▶ Your instructions
When you retype the entries, keep each one exact and leave out the pictures.

Start of Exercise data

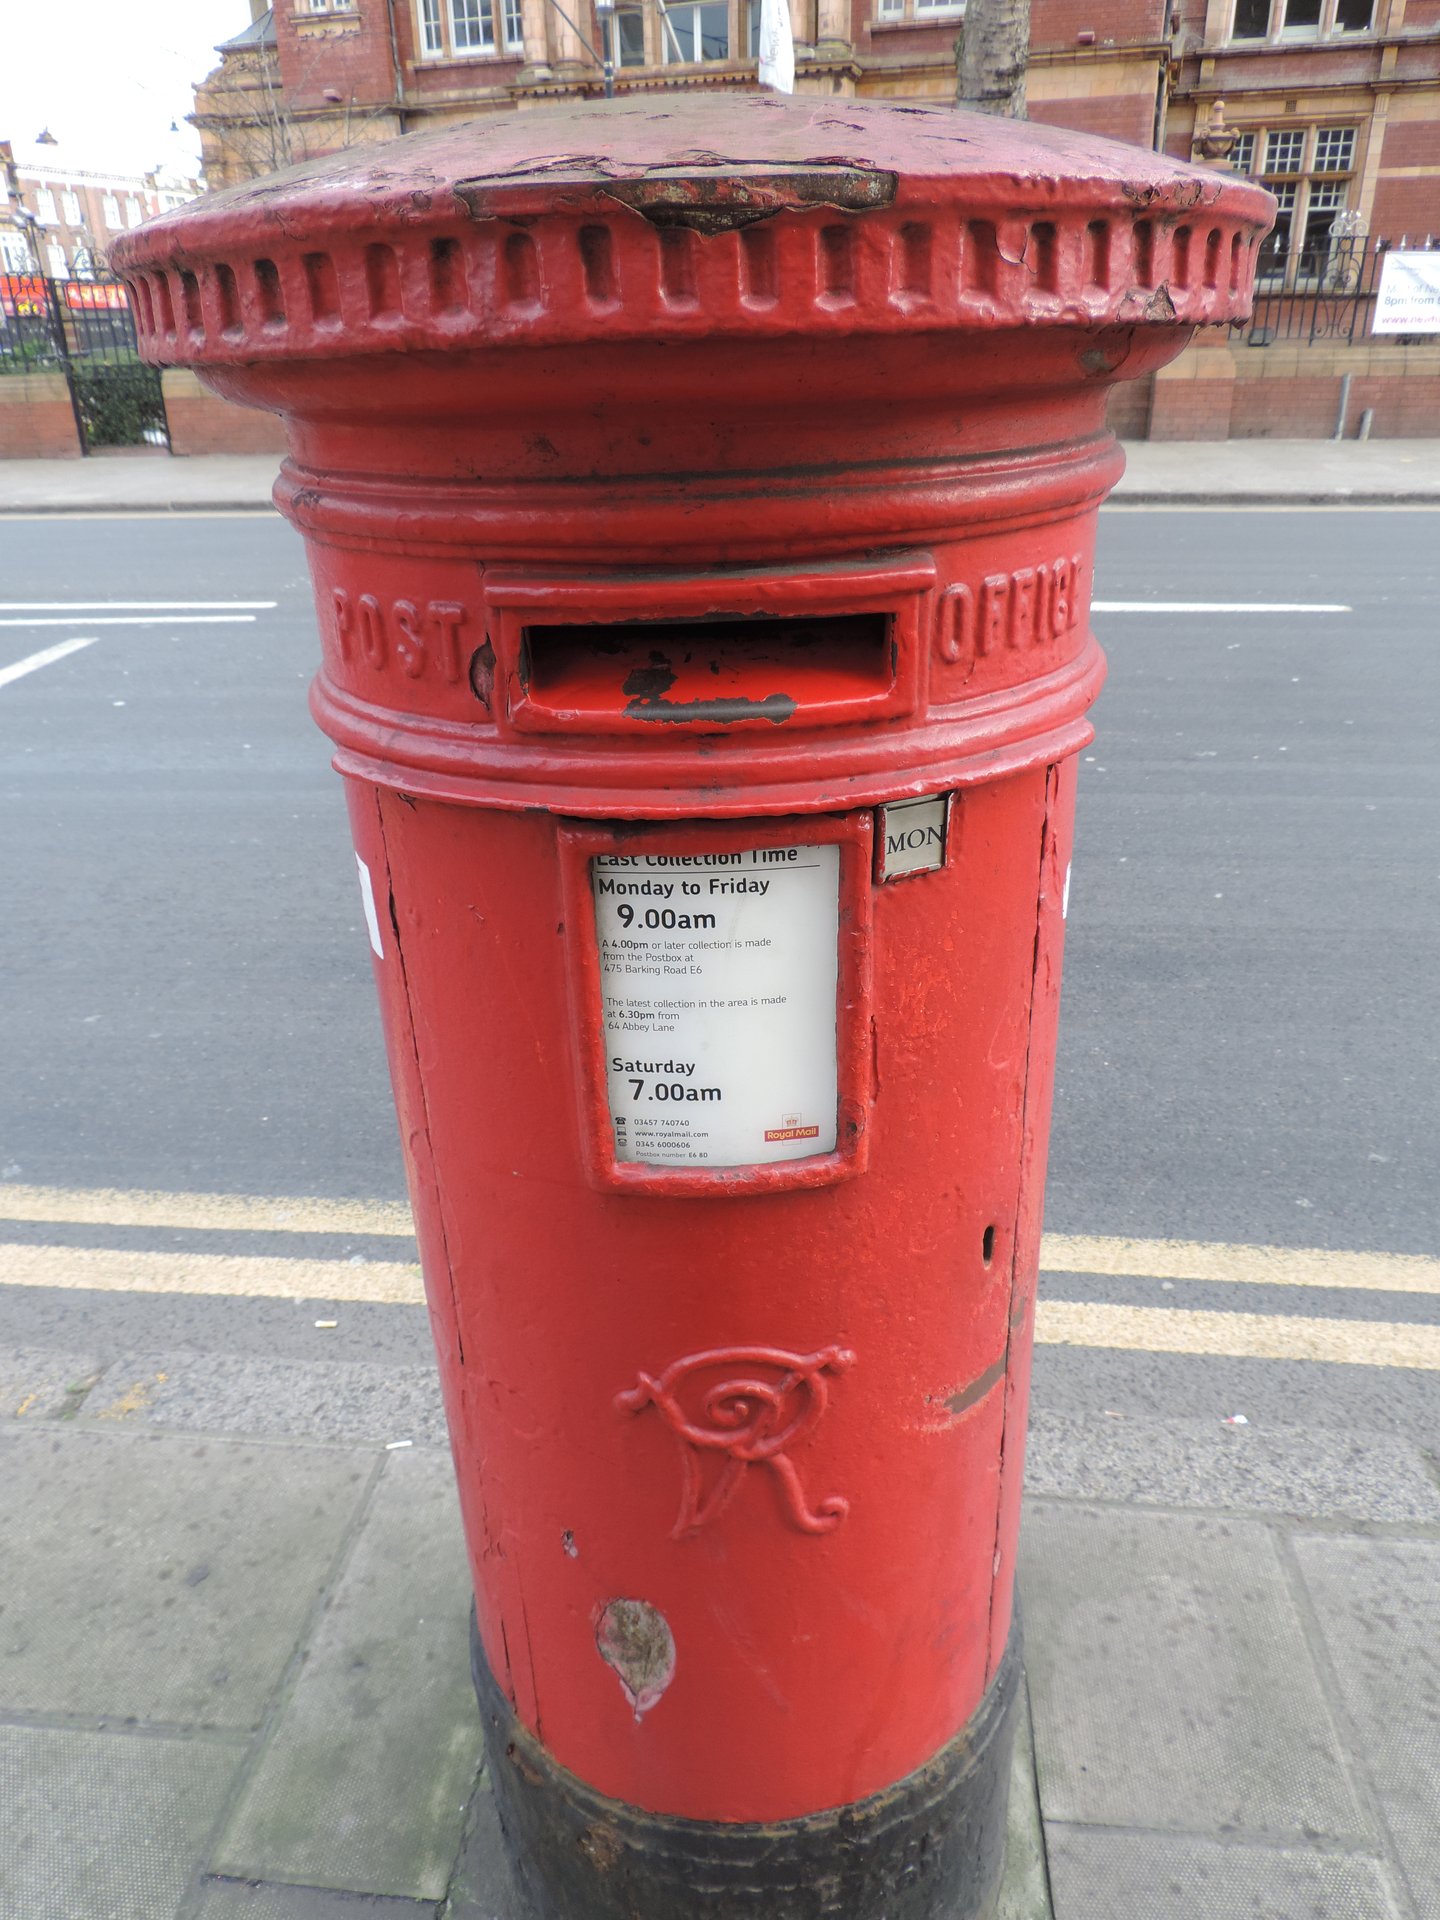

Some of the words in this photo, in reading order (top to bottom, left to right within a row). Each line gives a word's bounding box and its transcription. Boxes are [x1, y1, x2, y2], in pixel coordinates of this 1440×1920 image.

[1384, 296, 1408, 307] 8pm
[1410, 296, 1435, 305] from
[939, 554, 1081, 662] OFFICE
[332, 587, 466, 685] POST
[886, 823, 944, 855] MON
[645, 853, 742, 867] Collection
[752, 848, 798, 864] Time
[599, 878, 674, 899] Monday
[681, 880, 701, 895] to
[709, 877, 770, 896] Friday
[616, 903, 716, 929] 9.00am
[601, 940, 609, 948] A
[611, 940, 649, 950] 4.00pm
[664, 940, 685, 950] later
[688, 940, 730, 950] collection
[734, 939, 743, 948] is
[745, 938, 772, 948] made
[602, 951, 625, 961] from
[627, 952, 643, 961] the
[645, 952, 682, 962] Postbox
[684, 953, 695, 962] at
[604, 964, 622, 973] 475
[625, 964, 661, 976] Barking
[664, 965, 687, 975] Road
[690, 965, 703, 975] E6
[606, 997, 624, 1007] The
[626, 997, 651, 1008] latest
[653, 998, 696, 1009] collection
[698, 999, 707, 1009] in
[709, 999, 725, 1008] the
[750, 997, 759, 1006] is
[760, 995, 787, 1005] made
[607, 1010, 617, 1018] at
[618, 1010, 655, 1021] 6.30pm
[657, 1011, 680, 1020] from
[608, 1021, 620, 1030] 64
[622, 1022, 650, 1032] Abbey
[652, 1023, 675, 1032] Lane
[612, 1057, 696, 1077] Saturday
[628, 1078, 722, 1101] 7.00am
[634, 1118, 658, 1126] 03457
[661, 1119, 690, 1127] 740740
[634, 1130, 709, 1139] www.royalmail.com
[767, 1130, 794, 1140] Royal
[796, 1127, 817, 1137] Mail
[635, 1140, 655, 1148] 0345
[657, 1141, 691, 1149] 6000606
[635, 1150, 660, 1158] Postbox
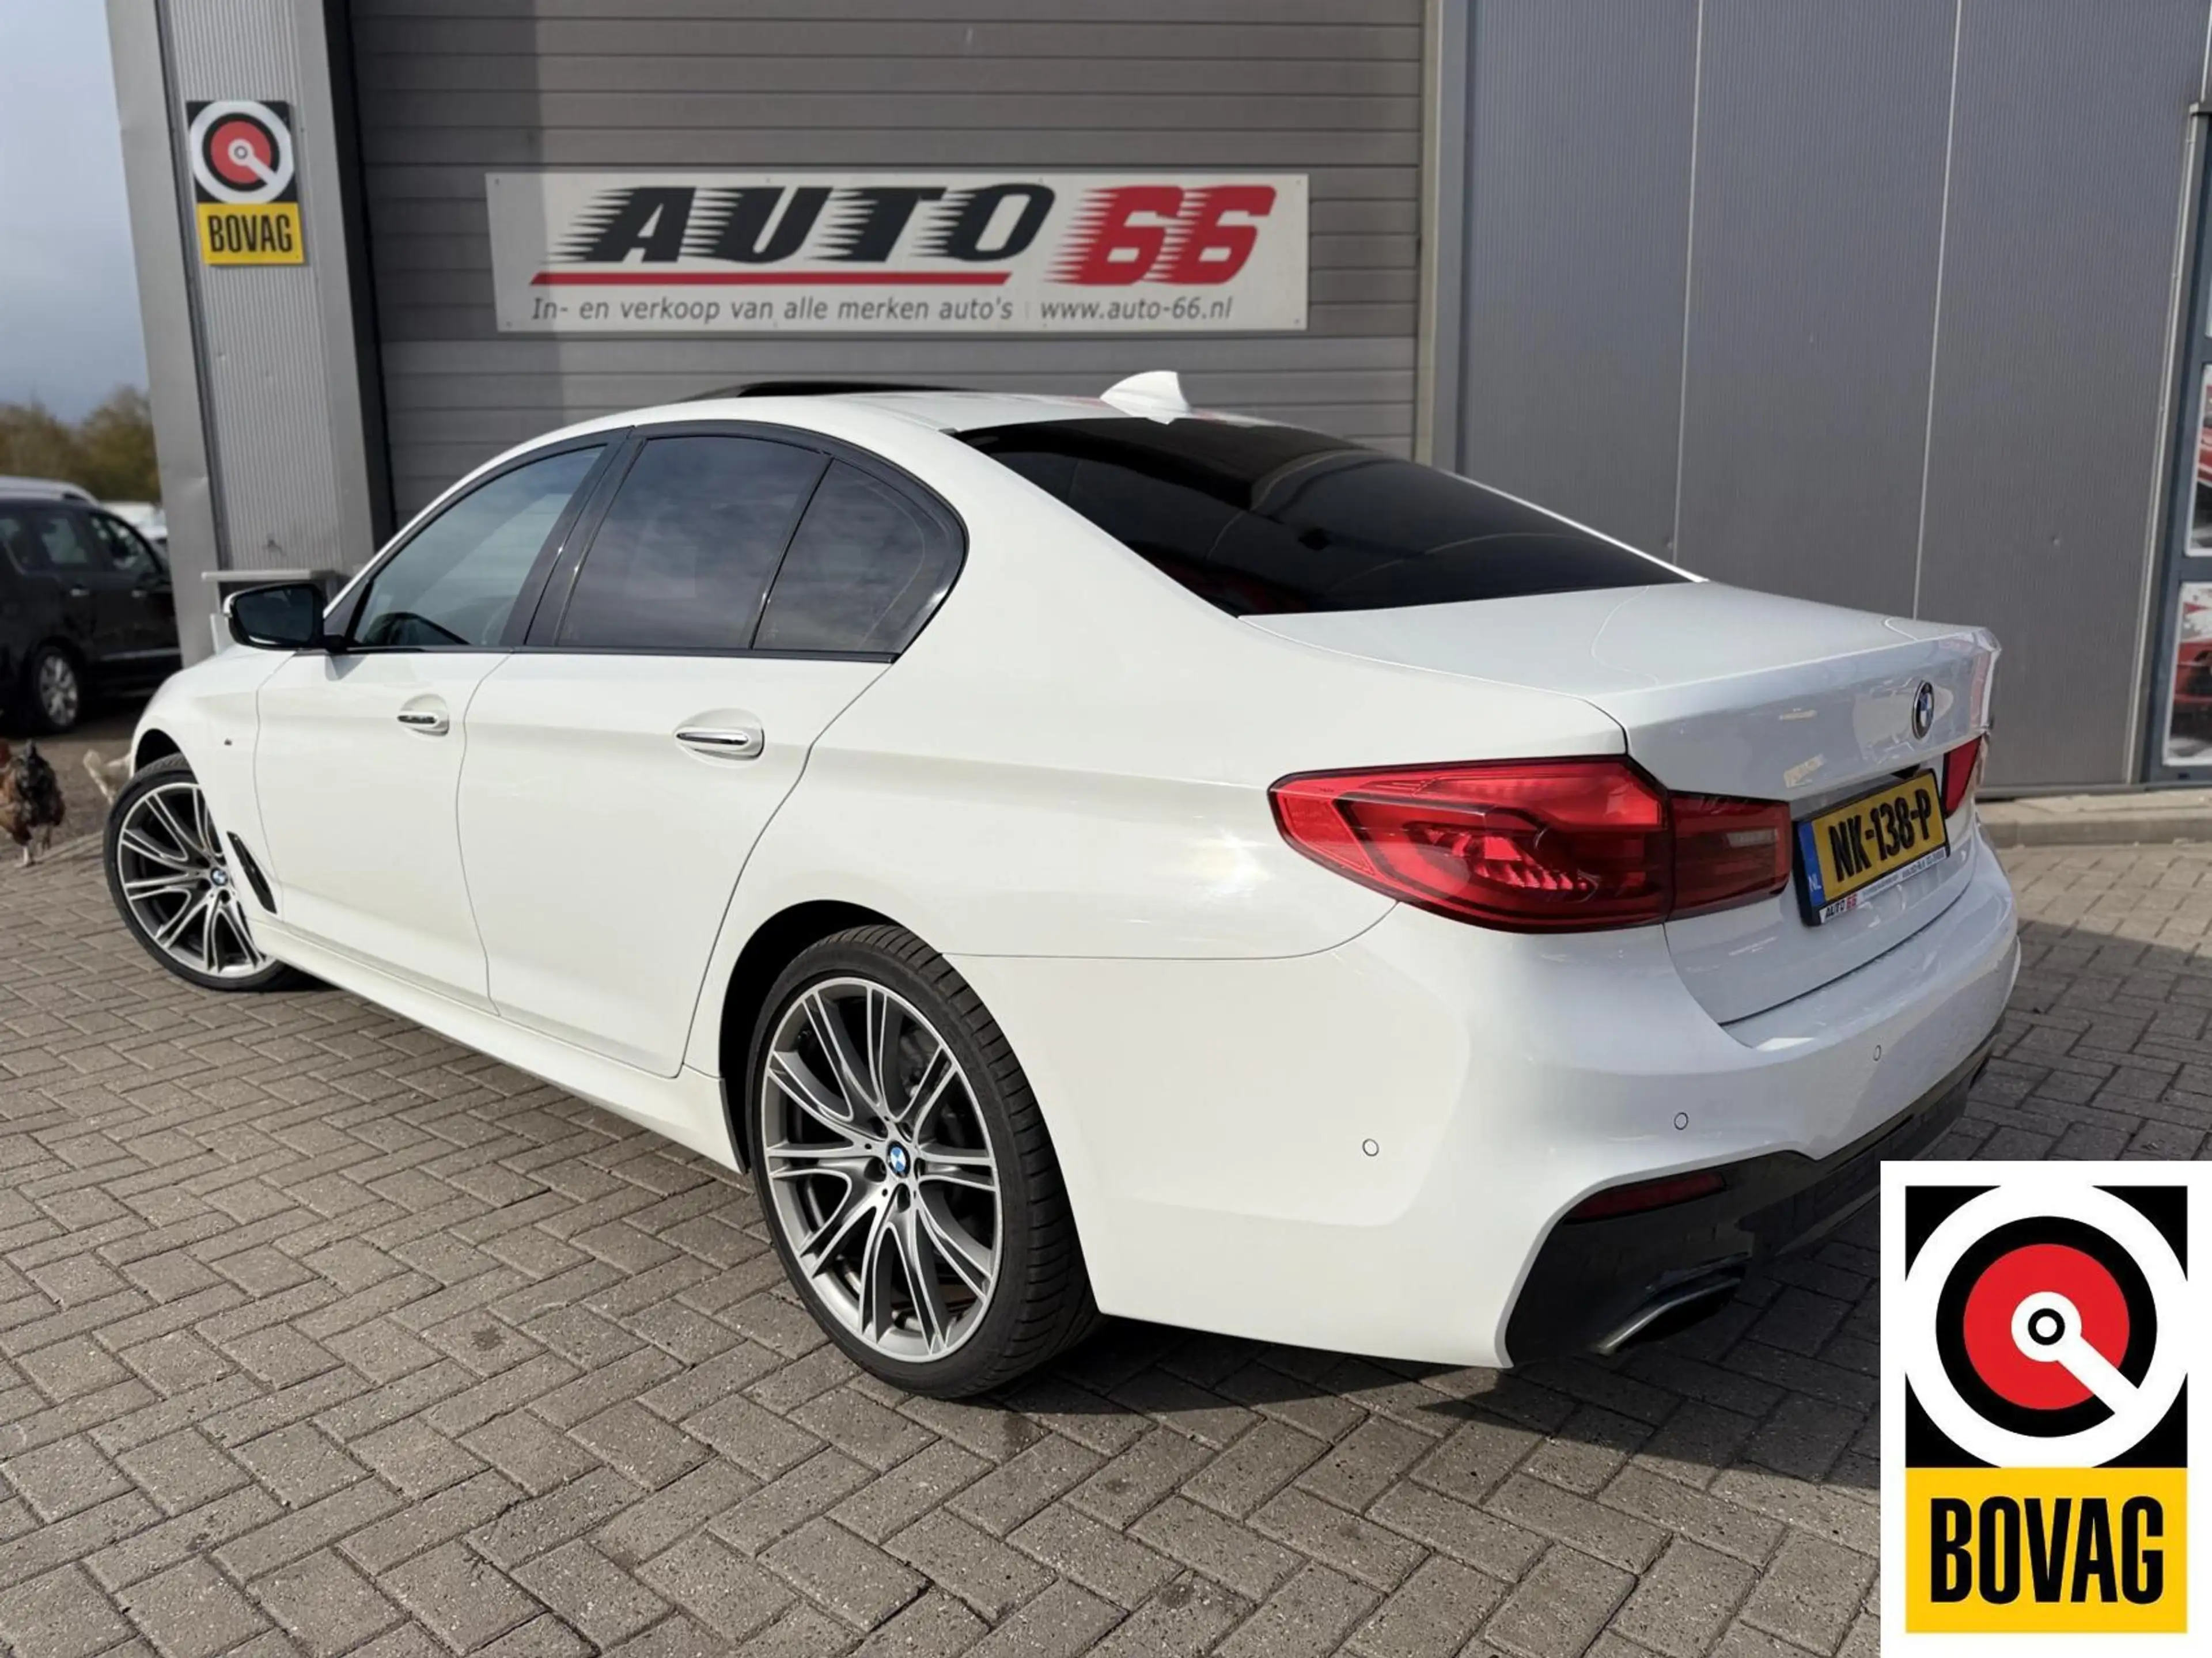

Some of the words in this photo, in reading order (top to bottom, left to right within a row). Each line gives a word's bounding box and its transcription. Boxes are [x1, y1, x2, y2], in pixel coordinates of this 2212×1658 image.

End of Exercise data

▶ Written response
Some of the words in this photo, in reading order (top to bottom, left to right within a row). Each line gives a word's bounding box and its transcription. Boxes are [x1, y1, x2, y2], in pixel coordinates of this 1440×1920 image.

[1384, 296, 1408, 307] 8pm
[1410, 296, 1435, 305] from
[939, 554, 1081, 662] OFFICE
[332, 587, 466, 685] POST
[886, 823, 944, 855] MON
[645, 853, 742, 867] Collection
[752, 848, 798, 864] Time
[599, 878, 674, 899] Monday
[681, 880, 701, 895] to
[709, 877, 770, 896] Friday
[616, 903, 716, 929] 9.00am
[601, 940, 609, 948] A
[611, 940, 649, 950] 4.00pm
[664, 940, 685, 950] later
[688, 940, 730, 950] collection
[734, 939, 743, 948] is
[745, 938, 772, 948] made
[602, 951, 625, 961] from
[627, 952, 643, 961] the
[645, 952, 682, 962] Postbox
[684, 953, 695, 962] at
[604, 964, 622, 973] 475
[625, 964, 661, 976] Barking
[664, 965, 687, 975] Road
[690, 965, 703, 975] E6
[606, 997, 624, 1007] The
[626, 997, 651, 1008] latest
[653, 998, 696, 1009] collection
[698, 999, 707, 1009] in
[709, 999, 725, 1008] the
[750, 997, 759, 1006] is
[760, 995, 787, 1005] made
[607, 1010, 617, 1018] at
[618, 1010, 655, 1021] 6.30pm
[657, 1011, 680, 1020] from
[608, 1021, 620, 1030] 64
[622, 1022, 650, 1032] Abbey
[652, 1023, 675, 1032] Lane
[612, 1057, 696, 1077] Saturday
[628, 1078, 722, 1101] 7.00am
[634, 1118, 658, 1126] 03457
[661, 1119, 690, 1127] 740740
[634, 1130, 709, 1139] www.royalmail.com
[767, 1130, 794, 1140] Royal
[796, 1127, 817, 1137] Mail
[635, 1140, 655, 1148] 0345
[657, 1141, 691, 1149] 6000606
[635, 1150, 660, 1158] Postbox

Some of the words in this photo, in reading order (top to bottom, left to right within a row). Each line gives a word's bounding box and its transcription. Boxes are [x1, y1, x2, y2], in pixel coordinates of this 2212×1658 image.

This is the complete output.